DATASET EXCERPTS
:::::

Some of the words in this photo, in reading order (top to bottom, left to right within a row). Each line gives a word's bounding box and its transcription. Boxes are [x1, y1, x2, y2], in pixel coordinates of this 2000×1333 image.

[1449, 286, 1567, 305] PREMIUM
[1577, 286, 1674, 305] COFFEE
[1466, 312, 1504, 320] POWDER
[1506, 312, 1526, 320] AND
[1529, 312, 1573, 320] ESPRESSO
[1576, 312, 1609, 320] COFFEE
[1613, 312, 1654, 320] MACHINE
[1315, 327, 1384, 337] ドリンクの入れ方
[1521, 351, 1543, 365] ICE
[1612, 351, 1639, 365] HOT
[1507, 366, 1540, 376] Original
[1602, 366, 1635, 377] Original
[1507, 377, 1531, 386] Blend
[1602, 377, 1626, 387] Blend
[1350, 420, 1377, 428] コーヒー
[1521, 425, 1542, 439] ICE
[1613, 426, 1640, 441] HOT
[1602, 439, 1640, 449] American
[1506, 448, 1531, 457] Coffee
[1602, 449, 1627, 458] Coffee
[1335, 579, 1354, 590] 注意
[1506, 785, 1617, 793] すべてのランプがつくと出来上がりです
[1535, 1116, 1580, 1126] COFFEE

:::::

TASK DIRECTIONS
All of the entries above must be quoted exactly.

YOUR SOLUTION
Some of the words in this photo, in reading order (top to bottom, left to right within a row). Each line gives a word's bounding box and its transcription. Boxes are [x1, y1, x2, y2], in pixel coordinates of this 2000×1333 image.

[1449, 286, 1567, 305] PREMIUM
[1577, 286, 1674, 305] COFFEE
[1466, 312, 1504, 320] POWDER
[1506, 312, 1526, 320] AND
[1529, 312, 1573, 320] ESPRESSO
[1576, 312, 1609, 320] COFFEE
[1613, 312, 1654, 320] MACHINE
[1315, 327, 1384, 337] ドリンクの入れ方
[1521, 351, 1543, 365] ICE
[1612, 351, 1639, 365] HOT
[1507, 366, 1540, 376] Original
[1602, 366, 1635, 377] Original
[1507, 377, 1531, 386] Blend
[1602, 377, 1626, 387] Blend
[1350, 420, 1377, 428] コーヒー
[1521, 425, 1542, 439] ICE
[1613, 426, 1640, 441] HOT
[1602, 439, 1640, 449] American
[1506, 448, 1531, 457] Coffee
[1602, 449, 1627, 458] Coffee
[1335, 579, 1354, 590] 注意
[1506, 785, 1617, 793] すべてのランプがつくと出来上がりです
[1535, 1116, 1580, 1126] COFFEE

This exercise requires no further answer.